--- DATA PROVIDED ---

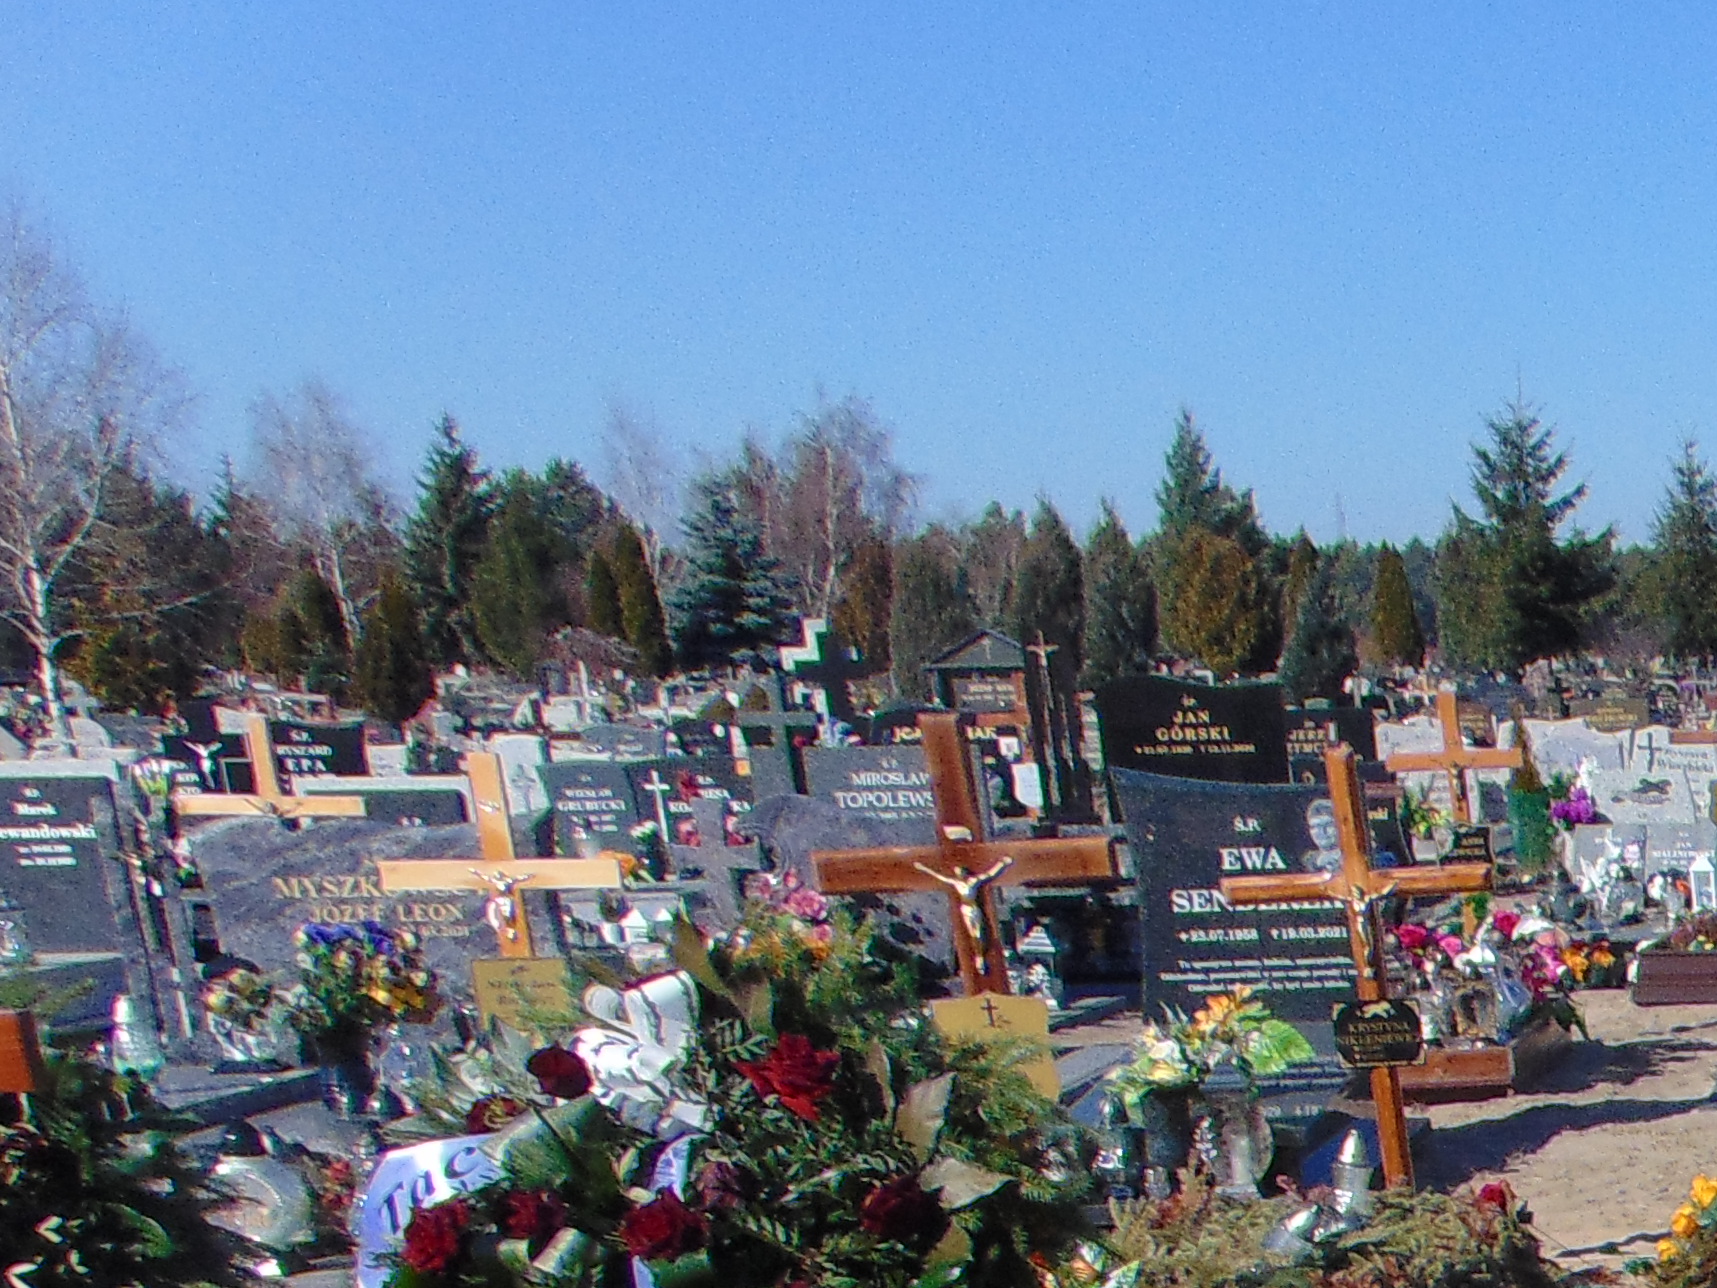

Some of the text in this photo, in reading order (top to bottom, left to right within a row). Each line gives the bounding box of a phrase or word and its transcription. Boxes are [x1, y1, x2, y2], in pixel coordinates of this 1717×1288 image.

[1172, 709, 1210, 723] JAN
[1155, 724, 1231, 741] GÓRSKI
[1220, 847, 1287, 871] EWA
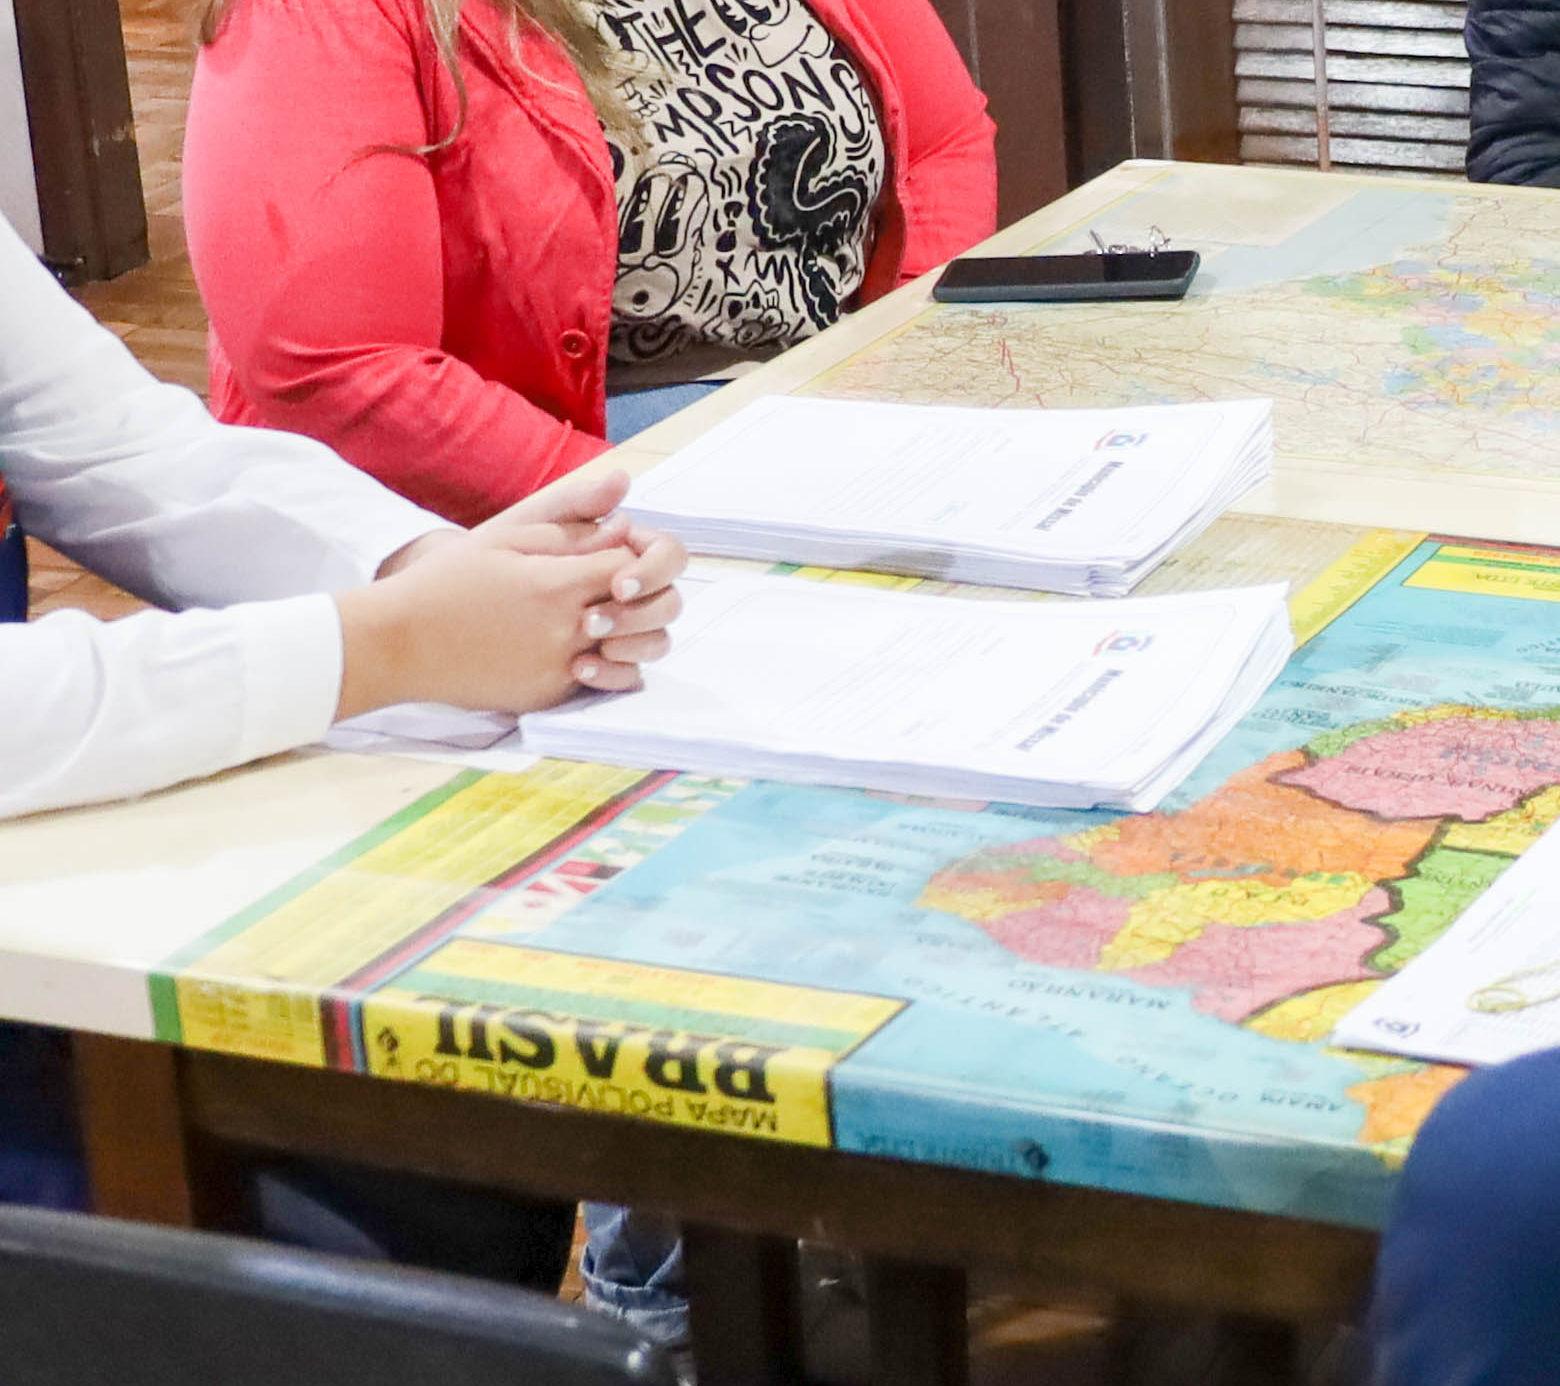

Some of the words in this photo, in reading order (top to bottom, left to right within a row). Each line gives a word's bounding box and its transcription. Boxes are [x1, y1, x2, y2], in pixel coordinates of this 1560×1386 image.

---

:: WORK TO BE COMPLETED ::
Everything in the material goes into the copy exactly, except the images.

:: FINISHED TASK ::
Some of the text in this photo, in reading order (top to bottom, left to right within a row). Each line gives the bounding box of a phrase or word and its transcription. Boxes are [x1, y1, x2, y2], in pixel coordinates of this 1717×1288 image.

[1172, 709, 1210, 723] JAN
[1155, 724, 1231, 741] GÓRSKI
[1220, 847, 1287, 871] EWA

Some of the words in this photo, in reading order (top to bottom, left to right within a row). Each line gives a word's bounding box and its transcription. Boxes are [x1, y1, x2, y2], in pixel coordinates of this 1560×1386 image.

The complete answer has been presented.